La cerimonia, tenutasi presso l’aeroporto romano di Centocelle, ha visto la presenza del capo di stato maggiore della Difesa, Generale Claudio Graziano, del generale di Squadra Aerea Carlo Magrassi, al vertice di Segredifesa e del generale di corpo d’armata Marco Bertolini alla testa del Comando Operativo di vertice interforze.

Nei prossimi giorni, presso la stessa base, il generale Bertolini  concluderà la sua lunga e brillante carriera militare cedendo all’ammiraglio Cavo Dragone il comando del COI.

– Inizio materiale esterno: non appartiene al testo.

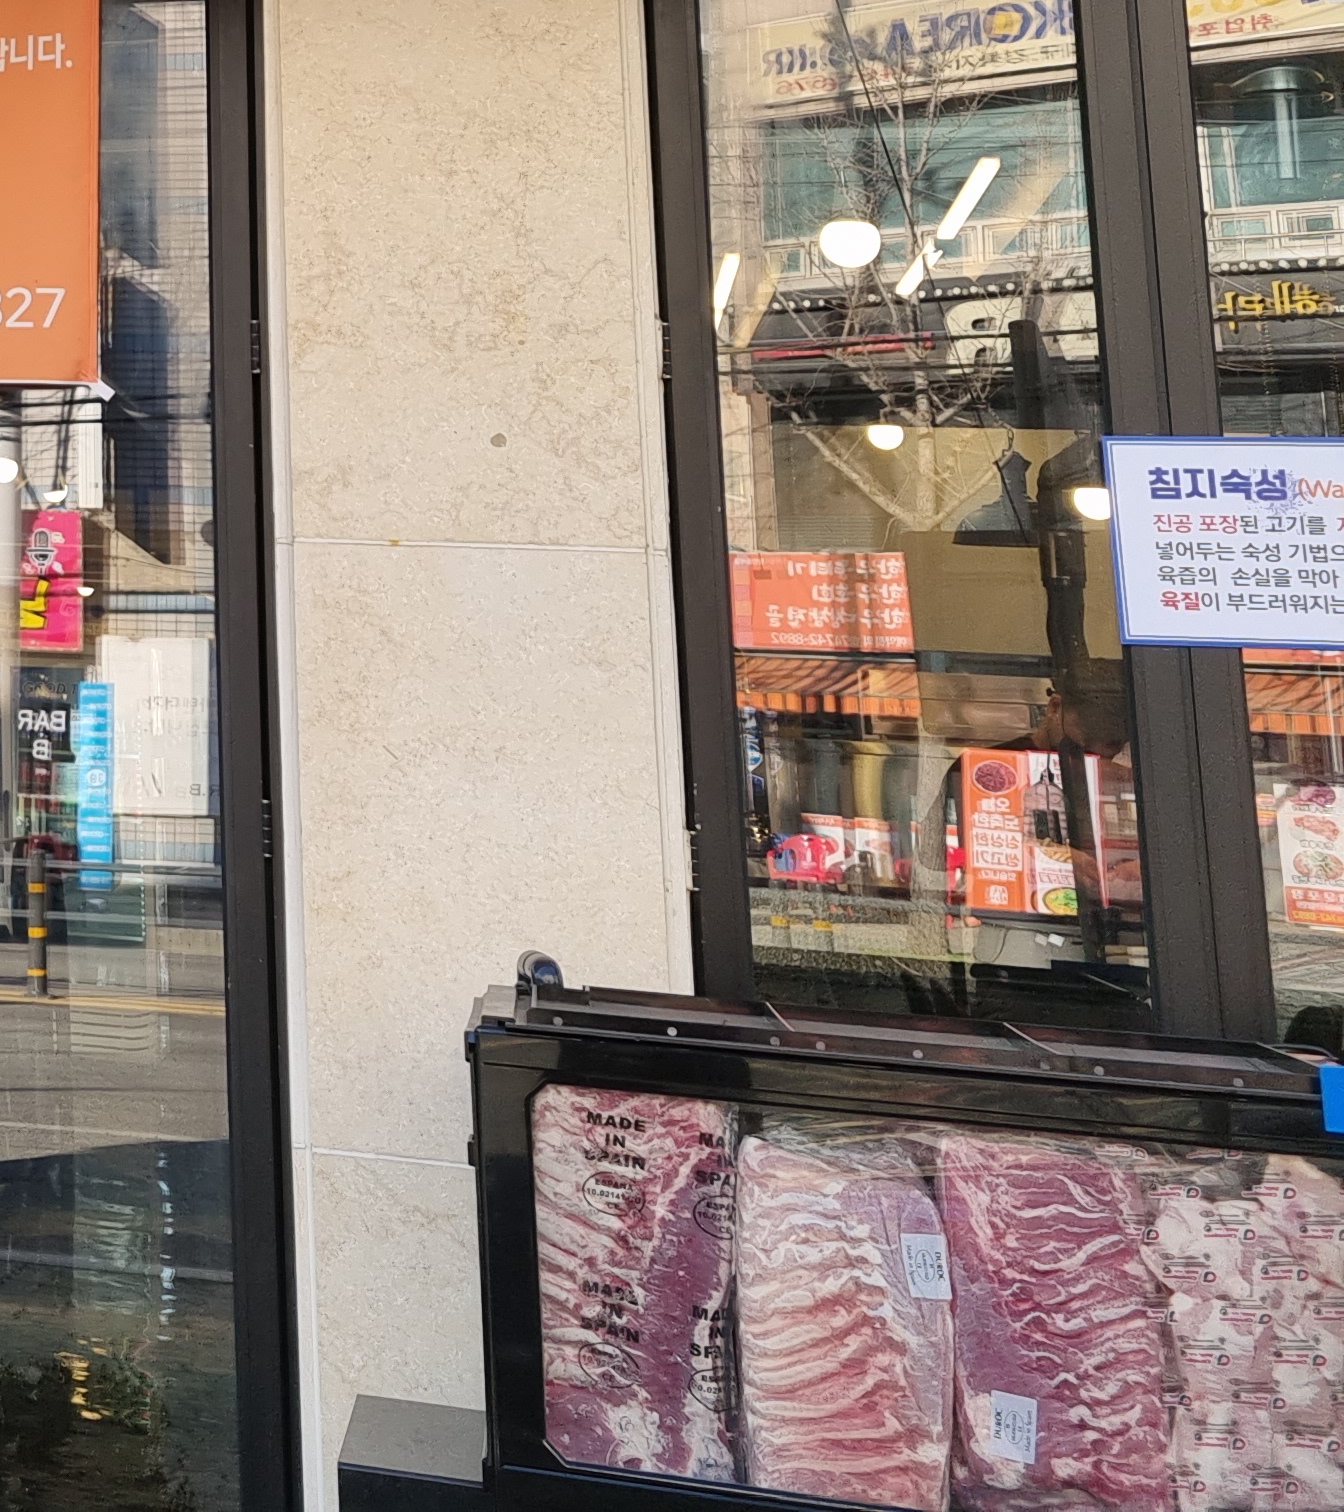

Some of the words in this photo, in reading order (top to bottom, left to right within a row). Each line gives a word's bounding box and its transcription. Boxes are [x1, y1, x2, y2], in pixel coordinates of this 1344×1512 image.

Graziano ha ricordato la rilevanza del COFS “quale struttura interforze di comando, controllo e pianificazione delle operazioni delle Forze Speciali che rappresenta senza dubbio un’eccellenza nel panorama militare.”

“Nei 12 anni dalla sua costituzione – ha continuato il Capo di Stato Maggiore della Difesa – il COFS ha acquisito piena capacità nella gestione dei piani di contingenza della Difesa e nell’impiego di uomini e mezzi in una vasta gamma di operazioni, in diverse aree geografiche e nei tre ambienti di riferimento – terra, mare e cielo a supporto degli interessi nazionali e della comunità internazionale.

La sua costituzione ha posto la Difesa italiana all’avanguardia nel settore insieme a pochi altri Paesi dell’Alleanza Atlantica.”

Attualmente il COFS gestisce l’impiego di forze speciali e per operazioni speciali in diversi teatri operativi tra i quali l’Iraq, l’Afghanistan e la Libia dove secondo alcune fonti gli incursori operano integrati nel dispositivo dei servizi di sicurezza e intelligence.